MB: You can do a whole [?? 20:35] thing. In Germany we have access to the lutetium PSMA therapy and what we do, we just do cooling of the salivary glands. It looks funny, you take a band-aid and then you put those liquid cooling things from the fridge to the cheeks and it helps a lot. We only see transient dry mouth, periods like for a couple of days and it almost always vanishes completely.
NJ: Yes, I think it’s a very attractive treatment. Exactly that thing works for hair loss so there’s no reason why it shouldn’t.

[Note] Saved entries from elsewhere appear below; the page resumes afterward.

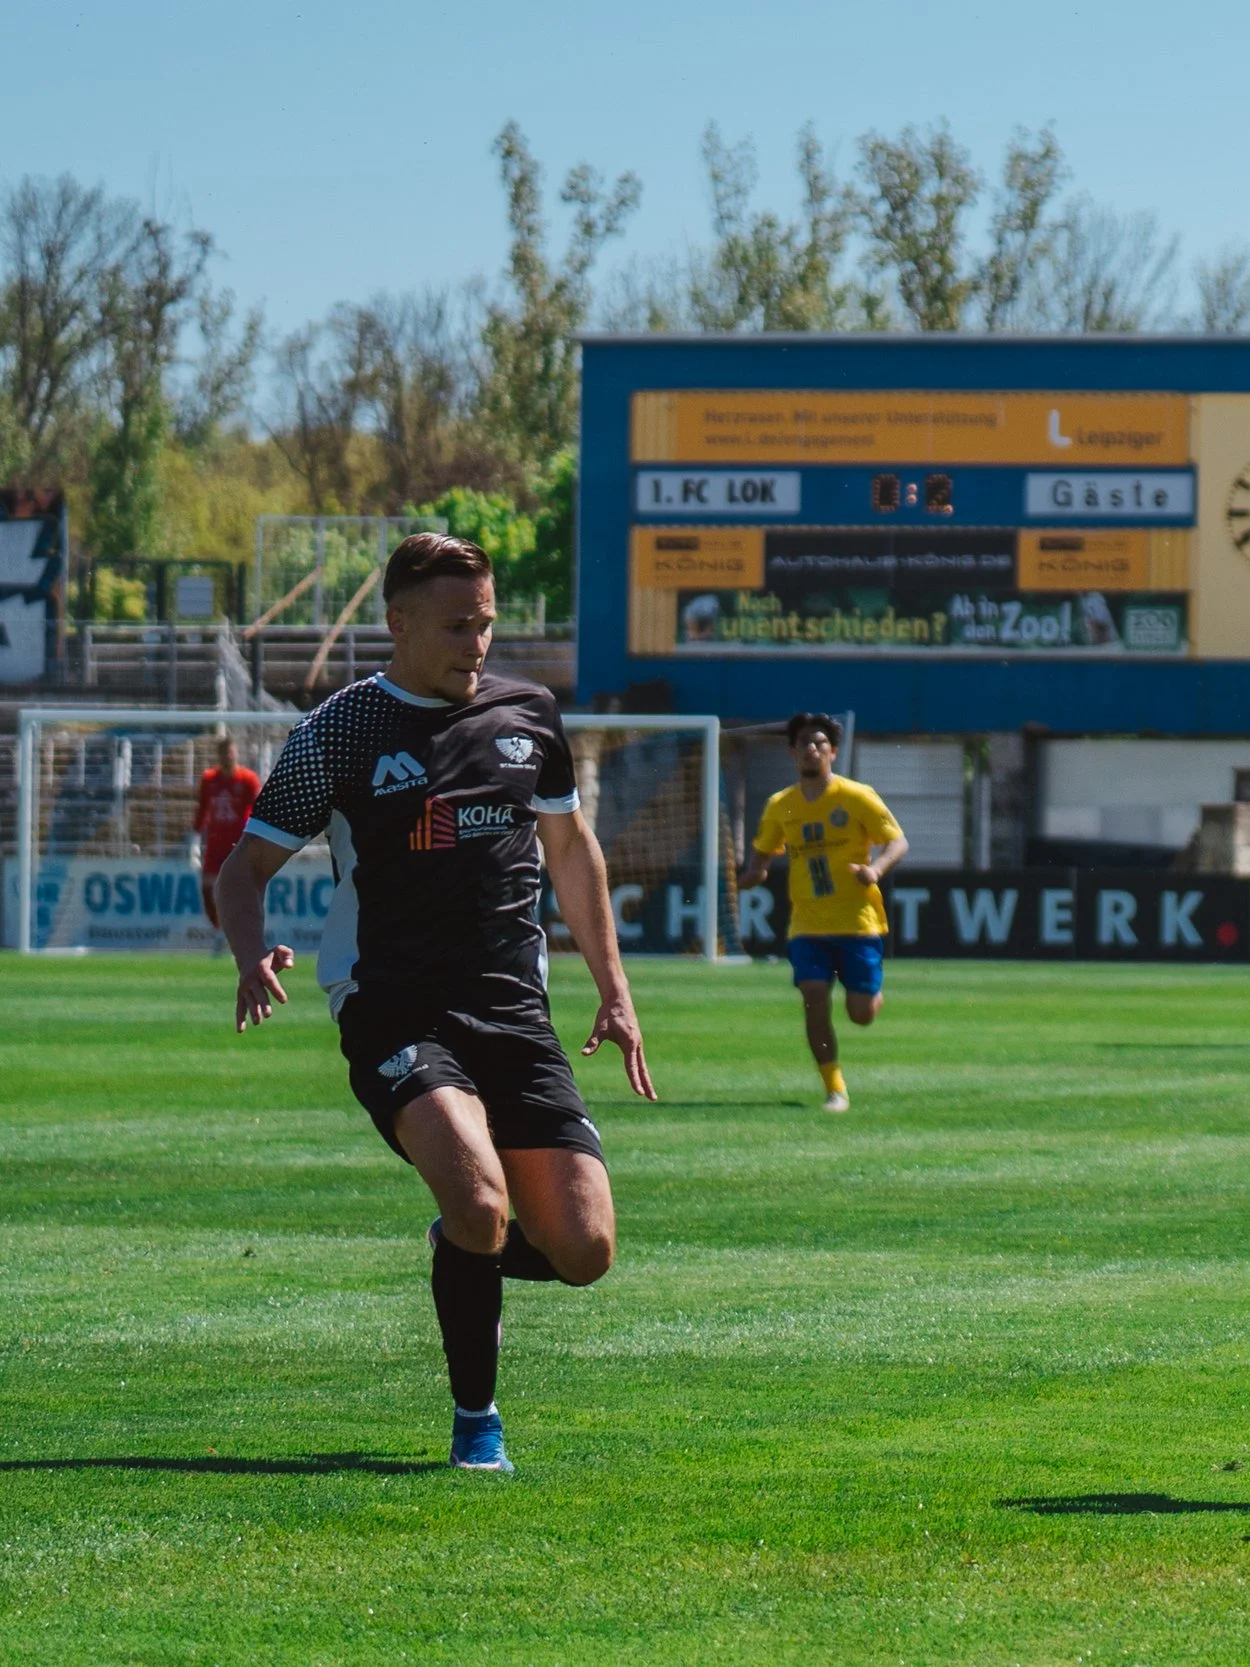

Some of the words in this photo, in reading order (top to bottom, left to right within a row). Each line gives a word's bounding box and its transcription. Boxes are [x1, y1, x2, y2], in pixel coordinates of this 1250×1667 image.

[682, 478, 709, 504] FC
[727, 478, 777, 504] LOK
[1051, 478, 1170, 508] Gäste
[720, 605, 947, 642] unentschieden?
[1001, 600, 1072, 644] Zoo!
[458, 805, 514, 827] KOHA
[84, 871, 204, 915] OSWA
[266, 874, 337, 917] RIC

MB: In Germany there’s only one site which produces actinium PSMA therapy which is in Heidelberg where the compound was developed. Because it’s an alpha emitter it does a whole lot of damage wherever it works so the guys which I sent to Heidelberg and I saw afterwards they had dry mouth problems which was very prominent. What I heard is that you can’t easily offer actinium to the public domain because you have to sit on an atomic bomb, so to say, to milk it, to get this substance. You can’t produce it on site so it’s hard; even though it would be very interesting to have it working in a metastasis it’s hard to get hold of.

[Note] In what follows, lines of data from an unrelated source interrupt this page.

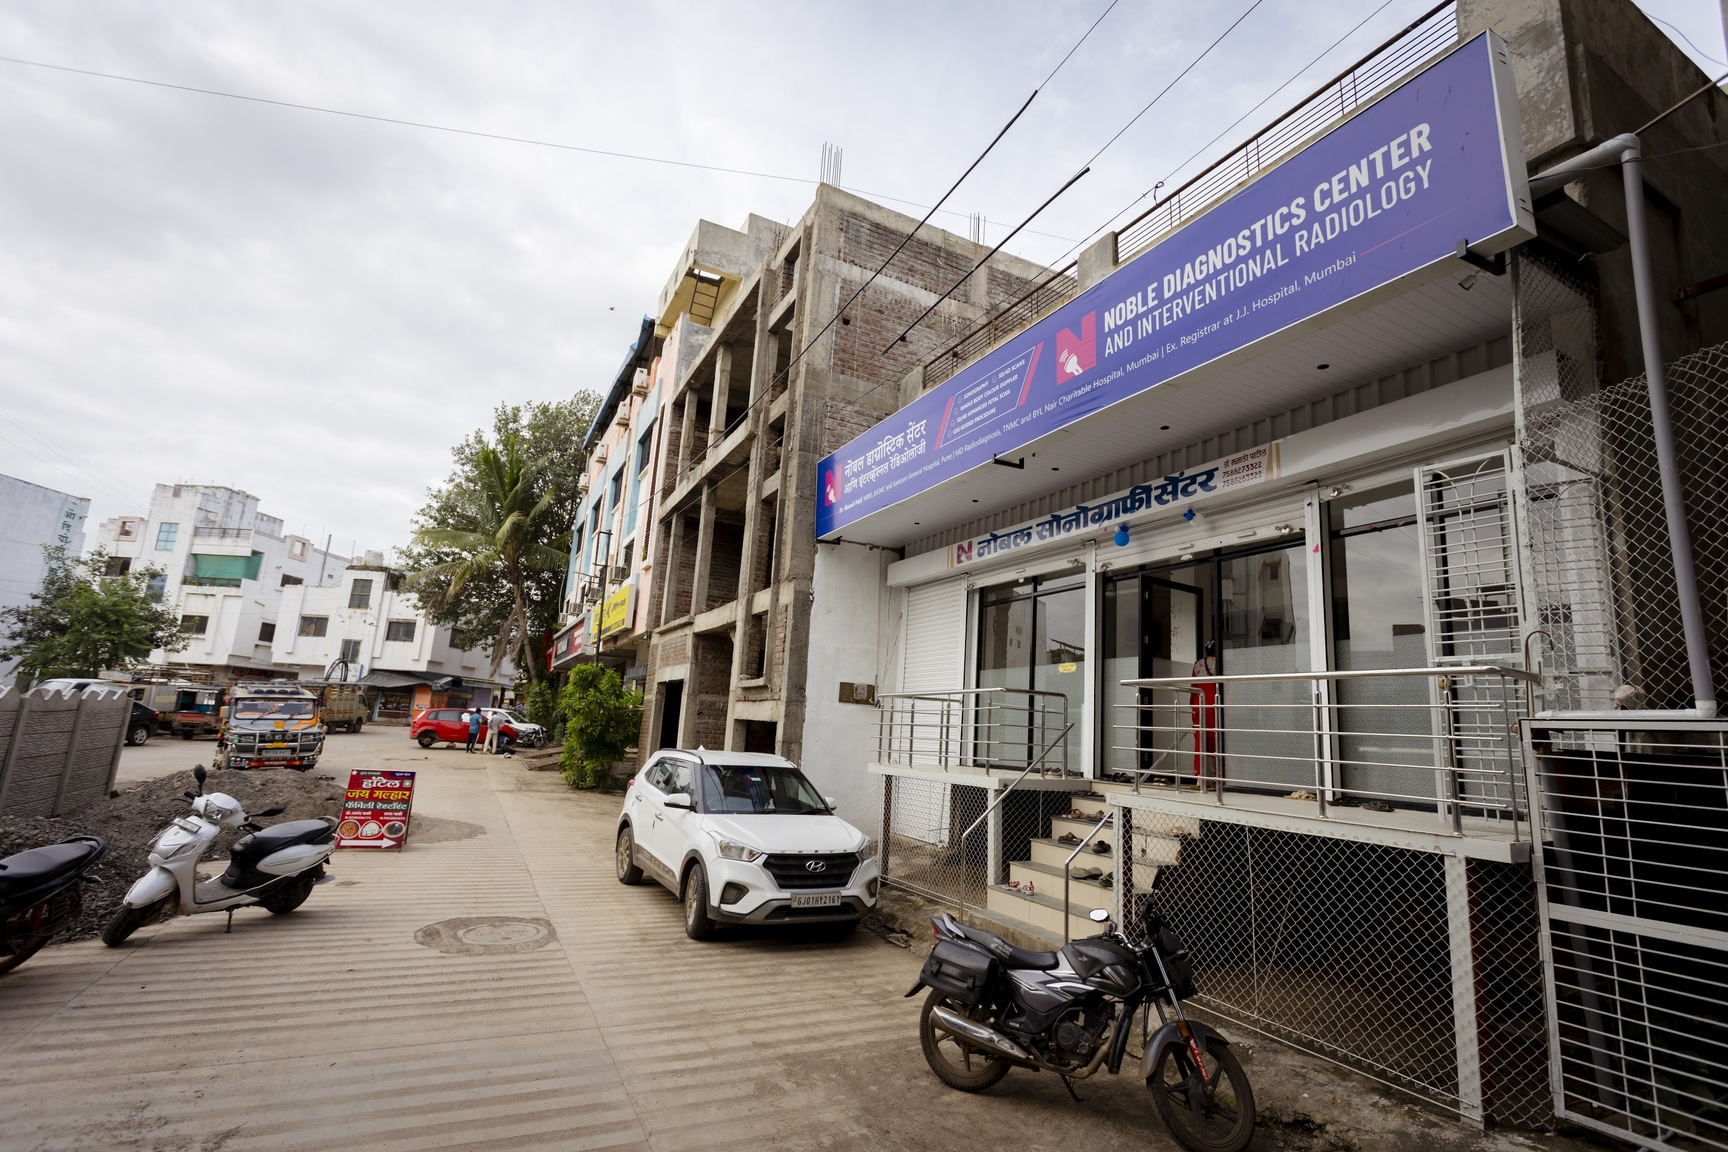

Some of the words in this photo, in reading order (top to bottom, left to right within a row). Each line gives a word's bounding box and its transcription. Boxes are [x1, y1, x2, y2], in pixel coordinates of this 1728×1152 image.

[1104, 282, 1158, 332] NOBLE
[1163, 197, 1307, 300] DIAGNOSTICS
[1313, 122, 1432, 212] CENTER
[1105, 325, 1133, 357] AND
[1137, 243, 1289, 340] INTERVENTIONAL
[1294, 159, 1432, 257] RADIOLOGY
[908, 469, 923, 480] General
[940, 453, 952, 463] Pune
[955, 446, 964, 457] MD
[964, 429, 1001, 452] Radiodiagnosis,
[1003, 419, 1019, 432] TNMC
[1021, 413, 1031, 424] and
[1032, 409, 1043, 419] BYL
[1044, 401, 1057, 413] Nair
[1059, 384, 1092, 405] Charitable
[1093, 367, 1125, 389] Hospital,
[1126, 348, 1160, 373] Mumbai
[1166, 342, 1179, 354] Ex.
[1180, 320, 1221, 347] Registrar
[1223, 313, 1234, 326] at
[1235, 306, 1250, 321] J.J.
[1252, 280, 1301, 312] Hospital,
[1304, 251, 1357, 287] Mumbai
[844, 456, 865, 477] नोबल
[906, 419, 927, 443] सेंटर
[844, 477, 858, 494] आणि
[976, 526, 1033, 559] नोबल
[1035, 484, 1153, 543] सोनोग्राफी
[1154, 467, 1219, 509] सेंटर
[347, 789, 371, 799] जय
[373, 790, 411, 800] मल्हार

NJ: So lutetium, in that respect, is more user friendly, isn’t it? You’ve got a longer half-life and stuff. There are some radiation protection issues, aren’t there? You have to keep them in hospital because it’s a gamma emitter, beta emitter, so you’ll get gammas so you are radioactive to your surroundings whereas alpha emitters that’s not so… because it’s such a short track length. As with radium you can just inject the stuff and off they go, there’s no real radiation protection issues with that.
MB: What we saw yesterday, the talk from Michael Hofman, is promising concerning… it warrants further studies on large populations randomised to a control arm then we’ll have to see what it is worth after a while.
NJ: I think there are other… I had a session this morning with a company with another similar compound saying what trial do we do. So there’s a number of ways of doing the same thing.
MB: I guess we’ve come to an end and we talked about some very interesting topics today. We hope that we helped a little bit for you guys at home to make decisions in this complicated set of patients. Thank you very much.